The Six Lies Between You and Success

1)      Everything matters Equally  – If you sit down and are supposed to be doing something important – what you feel is important – and you let something distract you – so much that you switched tasks – The task that you were working on originally was not of the greatest importance

 Prioritize what you do

Do what is important first

You don’t have to be the best leader, best manager, best accomplisher… You just have to be the best at staying focused.  Focus is the only thing that matters.

 There is a common believe that whoever does the most, wins

  • This strategy would never lead to success under any circumstance (example: Chess)
  • Success is not measured by who does the most
  • Don’t try to do everything..
  • Everything does NOT matter equally.
  • Only do what is important

 DO NOT build a “To-Do List”, build a “Should-Do List”

 should_do_could_do_list

 

 Pareto principle (also known as the 80–20 rule, the law of the vital few, and the principle of factor sparsity) states that, for many events, roughly 80% of the effects come from 20% of the causes

Examples:

  • Business: 80% of your sales come from 20% of your clients
  • Economy:  income growth accrues to those with the education and skills required to take advantage of new technology and globalization
  • Technology: by fixing the top 20% of the most reported bugs, 80% of the errors and crashes would be eliminated
  • Health and Safety: 20% of the hazards will account for 80% of the injuries
  • Criminology – 80% of crimes are committed by 20% of criminals

 20% of what you do creates 80% of your success

 80-20_rule

 

 

 

 

2)      Multi-Tasking – If you are doing the most important thing at that point in time, and that IS the most important thing to do, then why would you do ANYTHING else at the same time?

 The Jack of ONE Trade will always beat the Jack of ALL trades

 Humans have  ~4k thoughts every day. That’s 1 thought every 14 seconds

Humans cannot help themselves as their attention shifts

It is our responsibility to figure out how to change our nature

 If you have this problem, go ahead and succeed anyway, in spite of this problem

 Exercise – Take a piece of paper and write down 1 –>10, then A –> J horizontally,

 Turn the paper over.

 On the other side, complete the two horizontal sequences, simultaneously. Write the number from the top and the letter from the bottom, sequentially.

multi-tasking_exercise

Which took longer? Focusing on one item at a time, or multi-tasking?

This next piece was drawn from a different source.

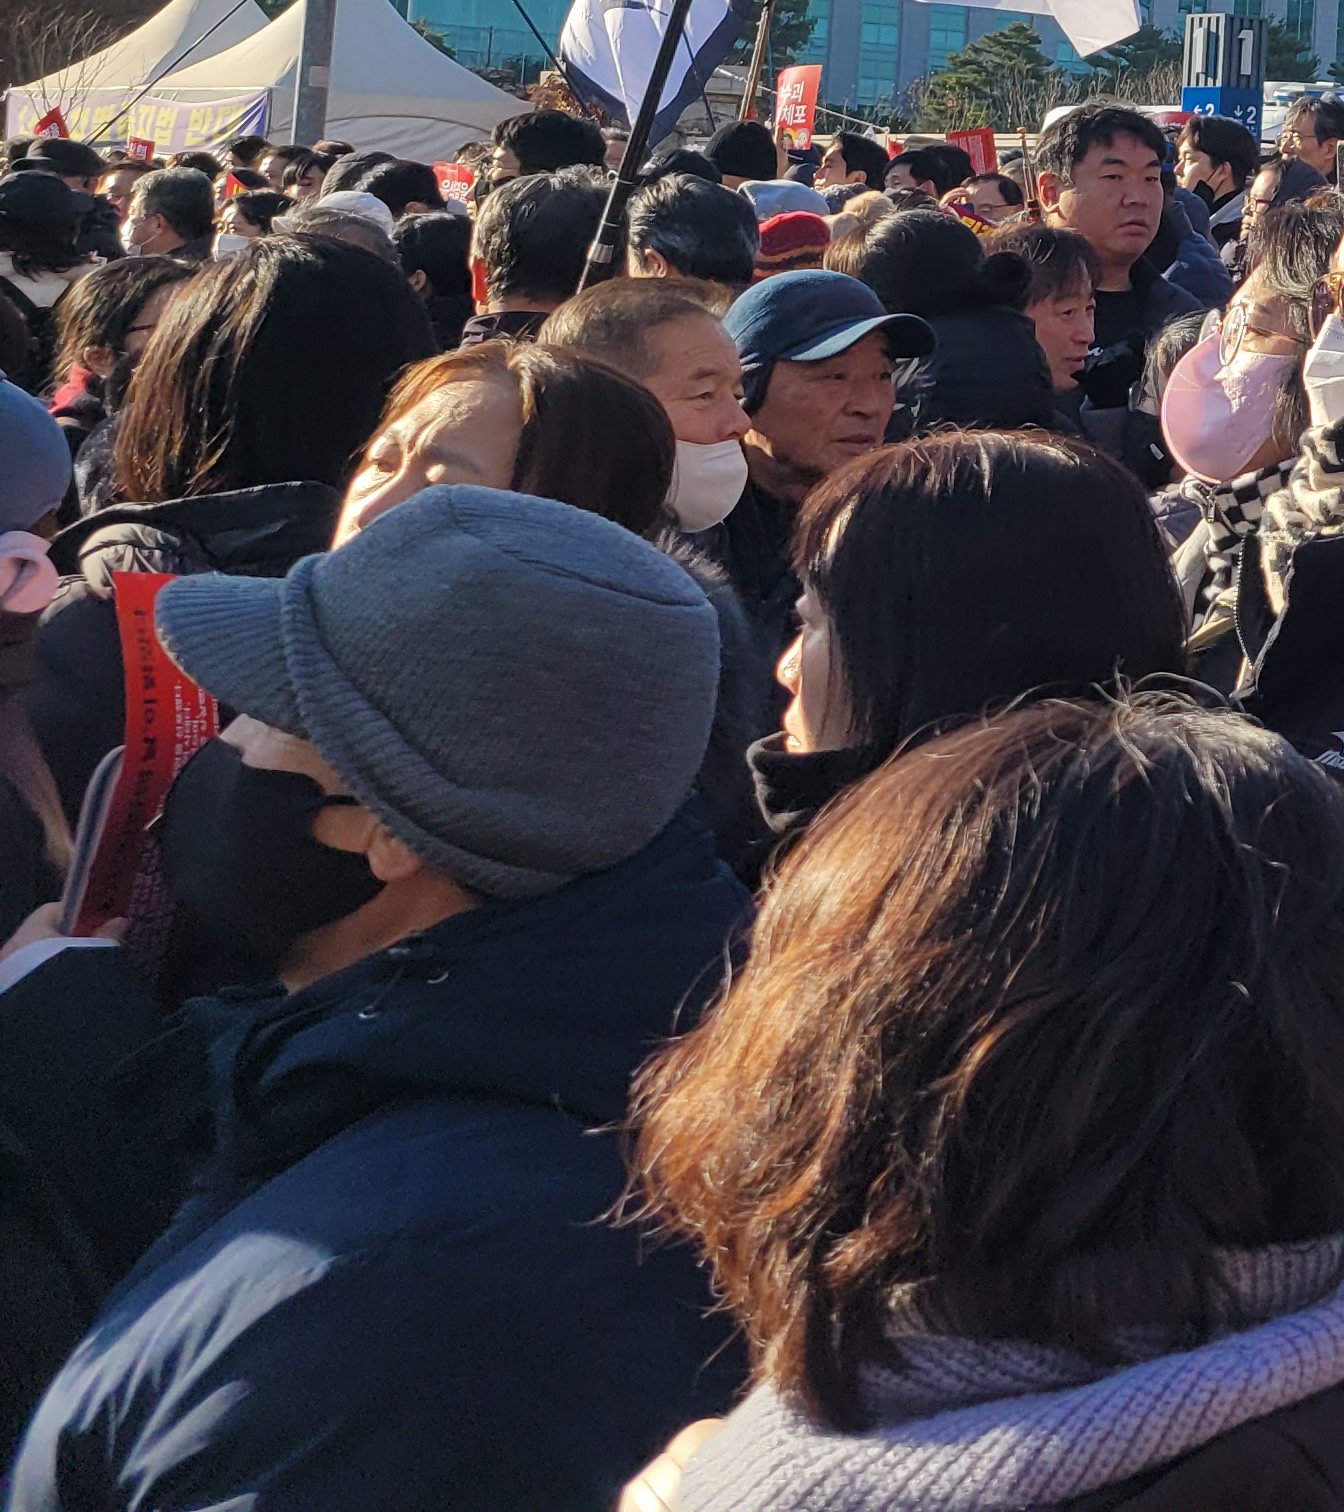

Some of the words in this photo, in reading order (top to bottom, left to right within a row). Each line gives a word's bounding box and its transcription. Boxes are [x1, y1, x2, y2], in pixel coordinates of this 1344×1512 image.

 Example – If you are doing dishes and watching TV, dishes would be the primary task. What happens when a situation on TV catches your eye? We stop doing dishes

Fact: 28% of our day is spent trying to get our brains to re-focus

 Poor decisions are made when new information is favored over the old, even if the old is more important.

 Multi-tasking is life-reducing stress

 3)      A Disciplined Life – It takes 66 days to create a habit.

 If you “feel weird” when you don’t do something, a habit is probably established

Example – an athletic person will report “feeling weird” if they eat bad food or miss their workout for the day. This person isn’t bragging. They are just used to eating a certain way and achieving a certain level of daily fitness. If one of these items in their routine is skipped, they tend to miss or even crave what was left out.

 Success is actually a short race – a sprint fueled by discipline just long enough for a good habit to kick in and take over.

 When you do the thing right, it can liberate you from having to monitor everything

 Don’t be a disciplined person, be a person of powerful habits

Build one good habit at a time – success is sequential, not simultaneous

Give each habit enough time – stick with it long enough to become a routine

 4)      Will power is always on Will-Call

 Will power is the WILL to say yes to what you need and the POWER  to say no to everything else.

 Will-power is simply an issue of timing. It’s when you use it, that it’s effective.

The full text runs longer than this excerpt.